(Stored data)
--
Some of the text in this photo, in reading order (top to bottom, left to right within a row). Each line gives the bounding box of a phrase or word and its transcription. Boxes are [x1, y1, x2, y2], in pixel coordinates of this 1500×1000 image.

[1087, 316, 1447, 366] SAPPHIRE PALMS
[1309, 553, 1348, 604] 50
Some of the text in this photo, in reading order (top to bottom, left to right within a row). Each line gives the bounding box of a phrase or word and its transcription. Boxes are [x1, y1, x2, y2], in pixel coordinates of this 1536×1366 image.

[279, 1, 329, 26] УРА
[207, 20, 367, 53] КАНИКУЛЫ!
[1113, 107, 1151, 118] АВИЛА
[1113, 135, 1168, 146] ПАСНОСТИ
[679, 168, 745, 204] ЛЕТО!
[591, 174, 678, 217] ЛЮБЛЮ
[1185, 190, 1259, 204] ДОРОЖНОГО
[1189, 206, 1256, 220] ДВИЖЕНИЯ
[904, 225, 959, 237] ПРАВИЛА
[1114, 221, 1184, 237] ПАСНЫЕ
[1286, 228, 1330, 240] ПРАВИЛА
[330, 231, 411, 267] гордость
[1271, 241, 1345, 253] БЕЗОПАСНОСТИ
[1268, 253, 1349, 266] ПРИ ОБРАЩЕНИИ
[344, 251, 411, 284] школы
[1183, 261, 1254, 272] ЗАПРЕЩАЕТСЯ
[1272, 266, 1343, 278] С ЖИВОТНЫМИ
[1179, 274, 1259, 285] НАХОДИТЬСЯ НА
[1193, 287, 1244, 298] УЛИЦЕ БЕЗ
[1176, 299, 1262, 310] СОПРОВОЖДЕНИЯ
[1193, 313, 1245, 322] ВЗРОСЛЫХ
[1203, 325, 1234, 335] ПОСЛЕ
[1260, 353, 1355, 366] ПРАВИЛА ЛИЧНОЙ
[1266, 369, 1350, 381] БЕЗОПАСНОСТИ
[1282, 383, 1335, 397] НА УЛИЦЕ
--
■ Exercise objective ■
Please copy the line that contains "this 1536×1366 image." and each line after it through the end of the records, exactly, and no other lines.

■ Result of this exercise ■
Some of the text in this photo, in reading order (top to bottom, left to right within a row). Each line gives the bounding box of a phrase or word and its transcription. Boxes are [x1, y1, x2, y2], in pixel coordinates of this 1536×1366 image.

[279, 1, 329, 26] УРА
[207, 20, 367, 53] КАНИКУЛЫ!
[1113, 107, 1151, 118] АВИЛА
[1113, 135, 1168, 146] ПАСНОСТИ
[679, 168, 745, 204] ЛЕТО!
[591, 174, 678, 217] ЛЮБЛЮ
[1185, 190, 1259, 204] ДОРОЖНОГО
[1189, 206, 1256, 220] ДВИЖЕНИЯ
[904, 225, 959, 237] ПРАВИЛА
[1114, 221, 1184, 237] ПАСНЫЕ
[1286, 228, 1330, 240] ПРАВИЛА
[330, 231, 411, 267] гордость
[1271, 241, 1345, 253] БЕЗОПАСНОСТИ
[1268, 253, 1349, 266] ПРИ ОБРАЩЕНИИ
[344, 251, 411, 284] школы
[1183, 261, 1254, 272] ЗАПРЕЩАЕТСЯ
[1272, 266, 1343, 278] С ЖИВОТНЫМИ
[1179, 274, 1259, 285] НАХОДИТЬСЯ НА
[1193, 287, 1244, 298] УЛИЦЕ БЕЗ
[1176, 299, 1262, 310] СОПРОВОЖДЕНИЯ
[1193, 313, 1245, 322] ВЗРОСЛЫХ
[1203, 325, 1234, 335] ПОСЛЕ
[1260, 353, 1355, 366] ПРАВИЛА ЛИЧНОЙ
[1266, 369, 1350, 381] БЕЗОПАСНОСТИ
[1282, 383, 1335, 397] НА УЛИЦЕ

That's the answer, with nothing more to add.